**Task:**
Your task is to write out the lines from the line containing "this 1280×1733 image." through the last line of the material, exactly.

**Given entries:**
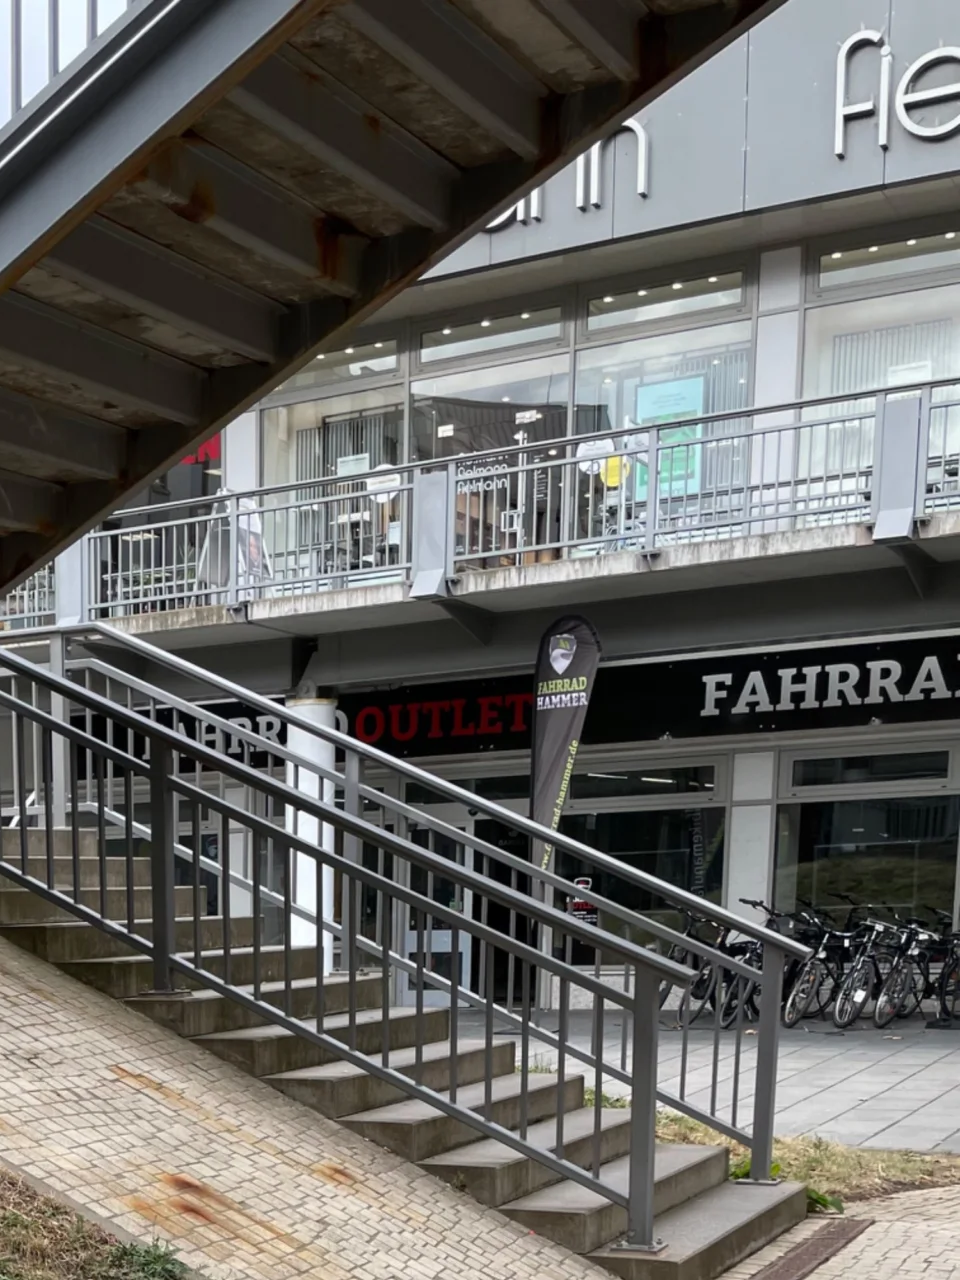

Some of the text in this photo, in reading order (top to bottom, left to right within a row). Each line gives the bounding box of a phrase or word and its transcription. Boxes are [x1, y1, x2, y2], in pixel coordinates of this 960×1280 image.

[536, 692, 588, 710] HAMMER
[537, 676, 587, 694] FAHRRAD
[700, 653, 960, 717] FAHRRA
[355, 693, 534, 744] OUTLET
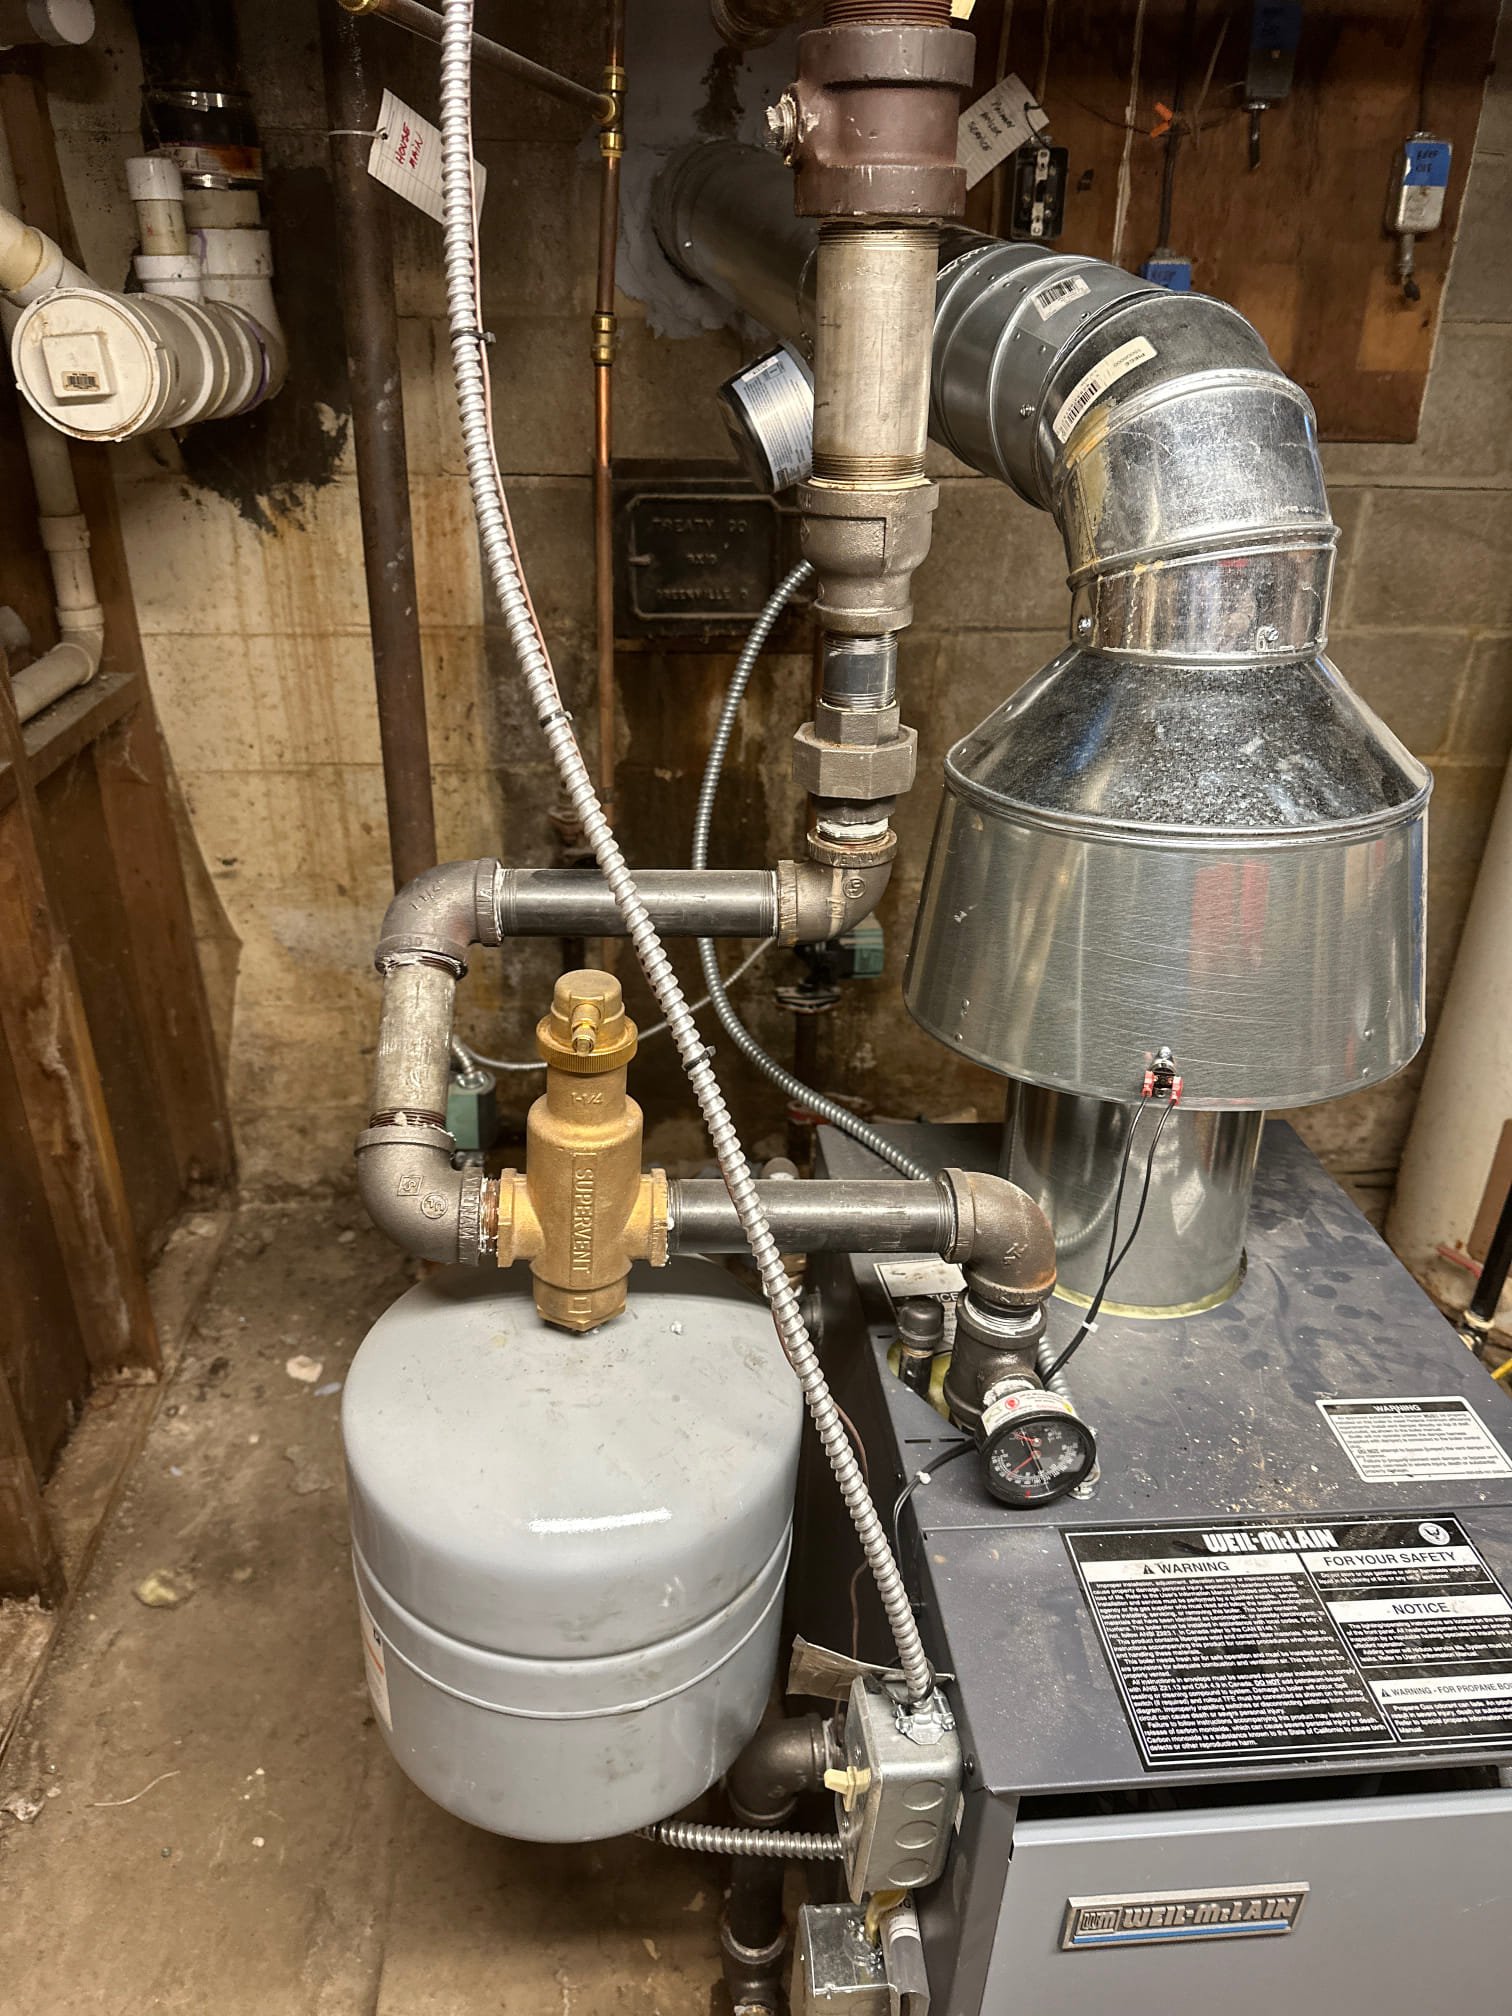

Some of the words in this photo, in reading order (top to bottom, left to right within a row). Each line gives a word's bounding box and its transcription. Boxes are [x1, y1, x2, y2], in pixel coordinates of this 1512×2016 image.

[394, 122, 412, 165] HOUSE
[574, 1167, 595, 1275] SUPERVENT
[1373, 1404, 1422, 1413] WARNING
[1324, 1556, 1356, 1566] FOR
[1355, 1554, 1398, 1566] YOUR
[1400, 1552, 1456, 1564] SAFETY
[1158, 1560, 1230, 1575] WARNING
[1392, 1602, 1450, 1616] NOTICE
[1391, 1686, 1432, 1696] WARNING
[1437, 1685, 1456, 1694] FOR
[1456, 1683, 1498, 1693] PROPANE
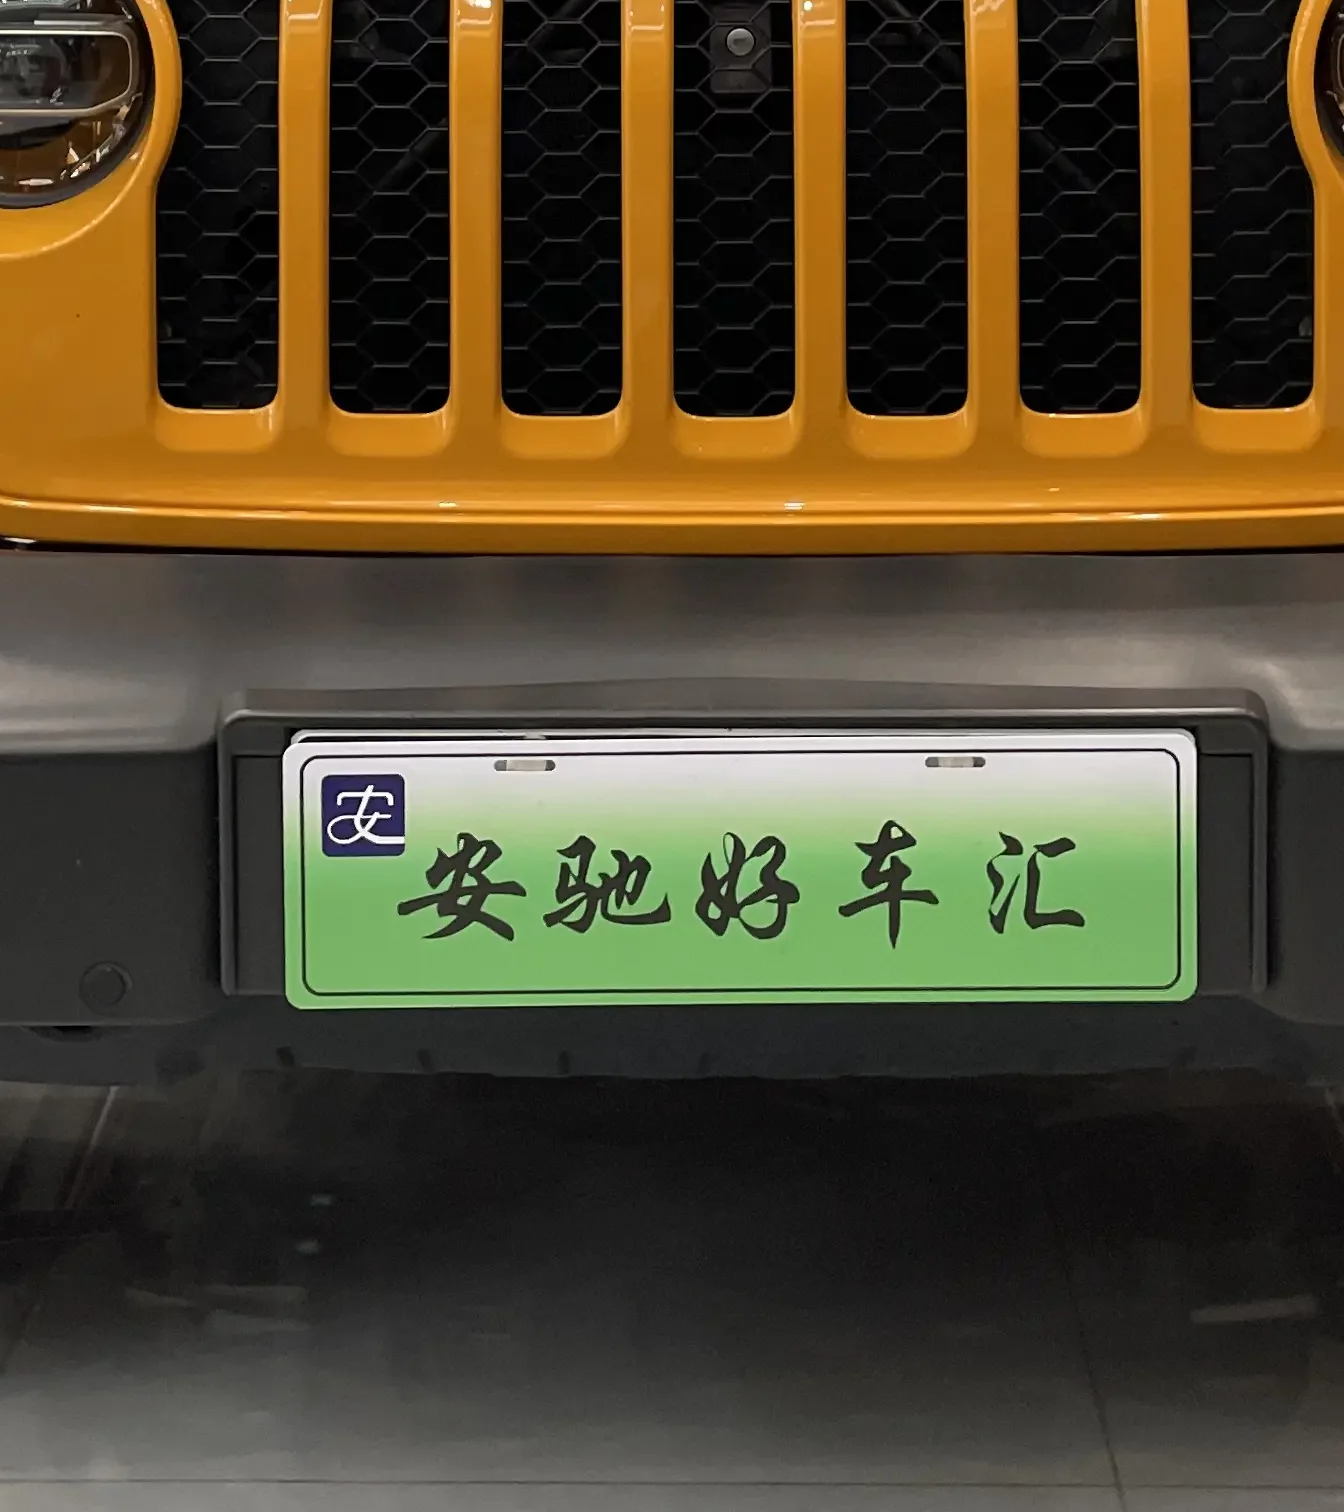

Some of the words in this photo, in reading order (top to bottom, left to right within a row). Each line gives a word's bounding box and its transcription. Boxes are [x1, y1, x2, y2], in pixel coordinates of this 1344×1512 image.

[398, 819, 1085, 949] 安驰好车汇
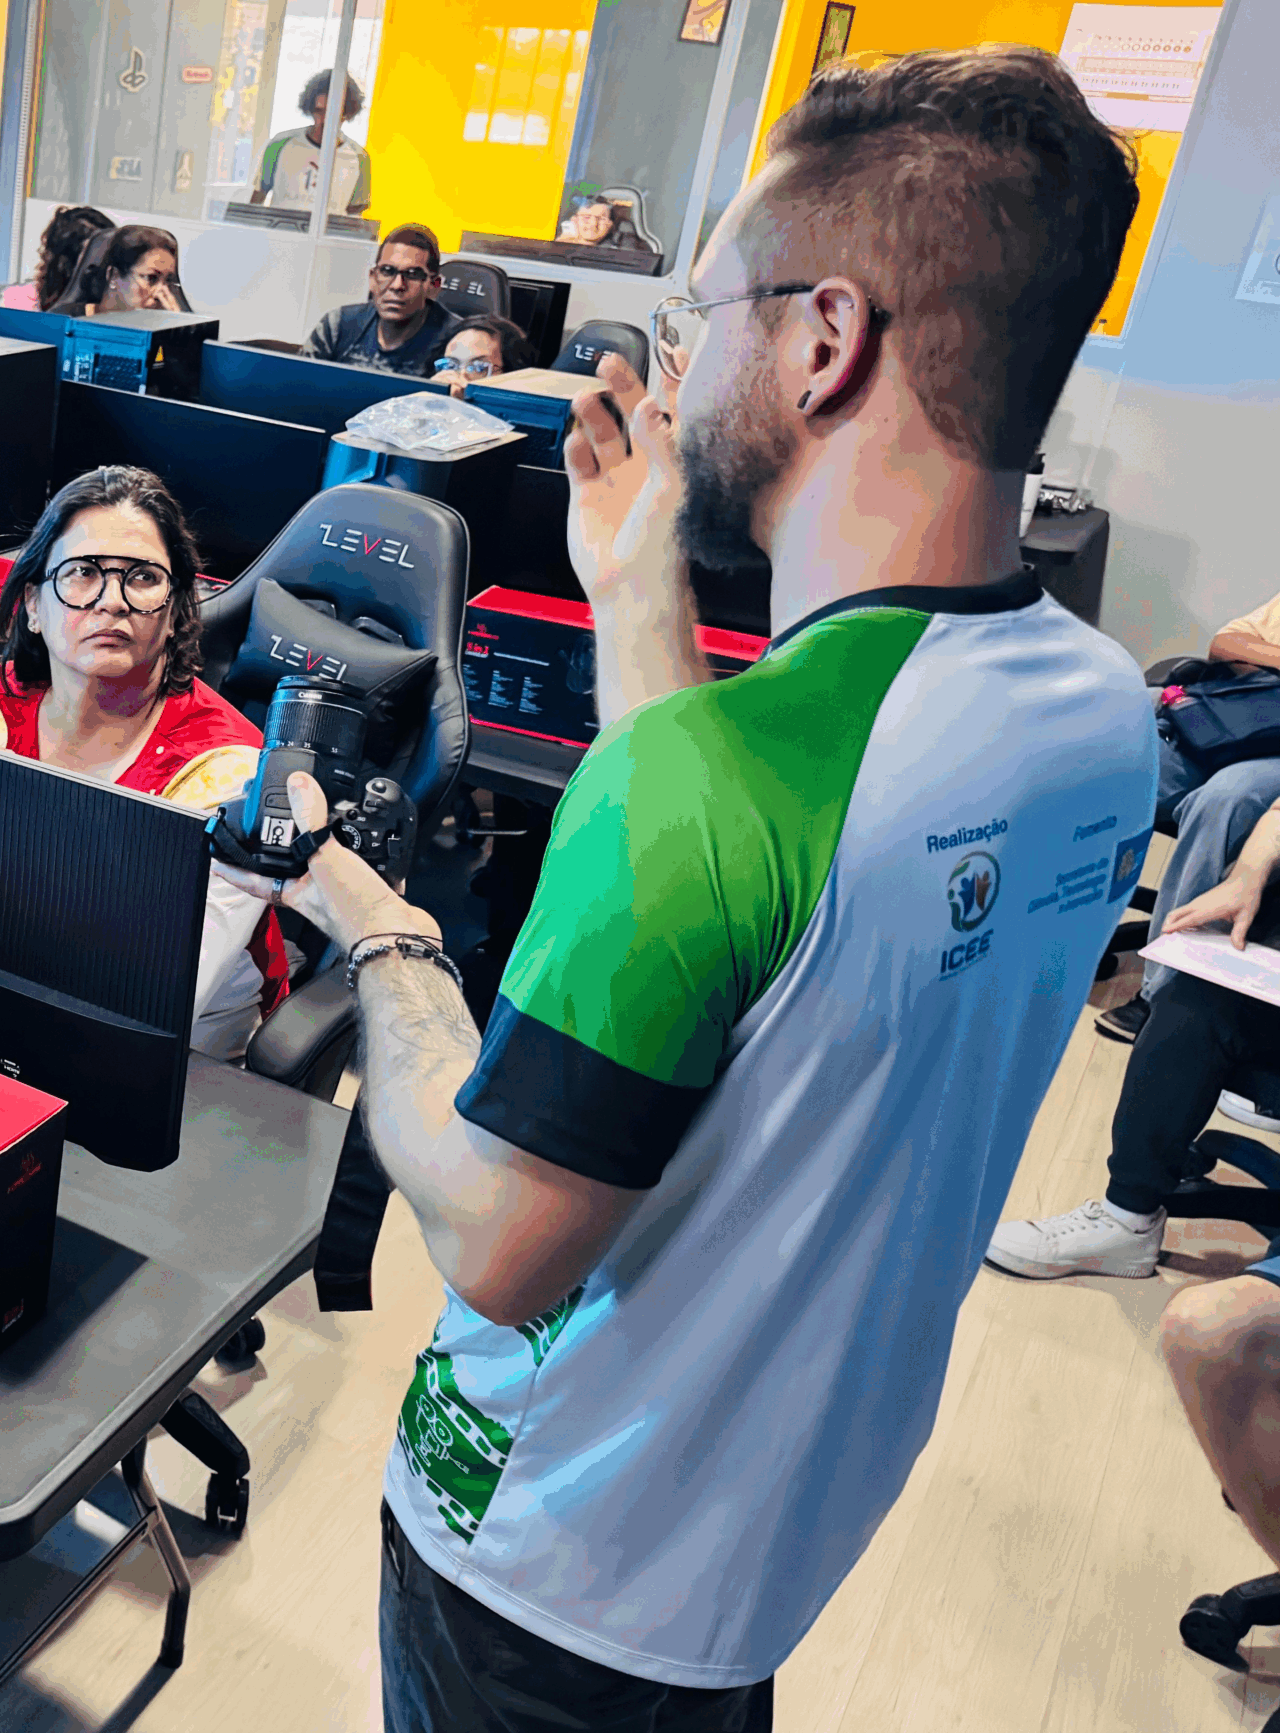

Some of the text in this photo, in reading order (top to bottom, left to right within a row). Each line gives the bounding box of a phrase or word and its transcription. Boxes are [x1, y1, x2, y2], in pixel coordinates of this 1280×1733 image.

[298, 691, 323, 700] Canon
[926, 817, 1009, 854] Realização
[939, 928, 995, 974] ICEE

**Answer for this exercise:**
Some of the text in this photo, in reading order (top to bottom, left to right within a row). Each line gives the bounding box of a phrase or word and its transcription. Boxes are [x1, y1, x2, y2], in pixel coordinates of this 1280×1733 image.

[298, 691, 323, 700] Canon
[926, 817, 1009, 854] Realização
[939, 928, 995, 974] ICEE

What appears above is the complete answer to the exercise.